What's next in the workplace and why is D&I so important?

Teresa Phiri says women are seeking better work cultures and organisations risk losing significant proportions of their talent if they lack strong diversity and inclusion policies and practices. Research from McKinsey has found that women are more than one and a half times as likely as men in the same roles to have left a previous job because they wanted to work for a company that was more committed to diversity, equity and inclusion (DEI).“Positively, this indicates that the next generation of female leaders will play a key role in building company values and shaping policies that support DEI and wellbeing,” she says. “Increasing the diversity of management has been shown to impact on a company’s profitability and performance.”Leaders should embody the values of inclusion to challenge the status quo.
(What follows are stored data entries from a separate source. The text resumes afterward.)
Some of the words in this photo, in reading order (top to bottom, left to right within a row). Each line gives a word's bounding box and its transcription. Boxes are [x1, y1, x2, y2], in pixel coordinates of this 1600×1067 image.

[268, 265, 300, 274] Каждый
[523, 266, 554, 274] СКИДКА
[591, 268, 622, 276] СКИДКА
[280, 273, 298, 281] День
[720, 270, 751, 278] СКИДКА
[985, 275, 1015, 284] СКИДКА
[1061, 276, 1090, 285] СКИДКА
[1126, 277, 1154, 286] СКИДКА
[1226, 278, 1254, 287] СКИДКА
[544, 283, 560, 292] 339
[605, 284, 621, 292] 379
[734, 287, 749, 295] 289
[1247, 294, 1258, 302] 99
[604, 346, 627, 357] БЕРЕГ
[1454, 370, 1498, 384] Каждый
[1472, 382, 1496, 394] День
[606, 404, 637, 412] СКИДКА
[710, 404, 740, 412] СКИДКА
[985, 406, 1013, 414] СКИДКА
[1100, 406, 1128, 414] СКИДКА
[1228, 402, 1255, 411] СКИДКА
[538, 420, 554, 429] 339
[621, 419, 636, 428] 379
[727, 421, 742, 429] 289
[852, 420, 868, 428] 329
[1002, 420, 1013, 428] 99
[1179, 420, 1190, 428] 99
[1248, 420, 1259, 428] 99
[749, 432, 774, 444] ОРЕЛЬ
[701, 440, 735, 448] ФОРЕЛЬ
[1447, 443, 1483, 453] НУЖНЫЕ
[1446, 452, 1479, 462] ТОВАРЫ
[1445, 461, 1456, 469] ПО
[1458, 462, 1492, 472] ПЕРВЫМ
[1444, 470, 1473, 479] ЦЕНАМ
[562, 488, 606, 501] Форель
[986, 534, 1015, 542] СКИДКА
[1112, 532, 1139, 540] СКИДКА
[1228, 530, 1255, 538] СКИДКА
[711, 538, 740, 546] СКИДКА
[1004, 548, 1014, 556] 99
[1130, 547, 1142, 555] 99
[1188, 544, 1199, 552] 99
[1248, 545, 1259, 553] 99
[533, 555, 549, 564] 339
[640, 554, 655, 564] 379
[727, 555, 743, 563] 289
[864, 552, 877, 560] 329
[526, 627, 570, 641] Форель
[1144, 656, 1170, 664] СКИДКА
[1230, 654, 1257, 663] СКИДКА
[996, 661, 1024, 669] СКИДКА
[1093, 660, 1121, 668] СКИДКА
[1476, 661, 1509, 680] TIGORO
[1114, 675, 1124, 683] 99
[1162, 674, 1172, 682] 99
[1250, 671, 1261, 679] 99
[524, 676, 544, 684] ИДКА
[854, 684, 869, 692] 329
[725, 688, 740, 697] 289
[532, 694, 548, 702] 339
A report from the Fawcett Society and Runnymede Trust revealed that 75% of women of colour have experienced racism in the workplace, with over one in five having suffered racial slurs during their career.“We can clearly see that organisations are doing much more to tackle racism and discrimination of all forms but more still needs to be done,” she says. “From setting up employee network groups and resources to ethnicity pay reports, employers must continue to lead from the front to ensure racism has no place in business – or society.”She says most talent teams have changed their approaches to reverse assumptions of what candidates should look like. Now, anonymous recruitment is a common practice to get the best talent irrespective of age, gender, ethnicity or any other characteristic.“It is vital that organisations challenge any preconceptions they may have when reviewing CVs and applications,” she says. “While a potential candidate might not have gone to the most prestigious university or received the best degree, they may have other skills which suit that role.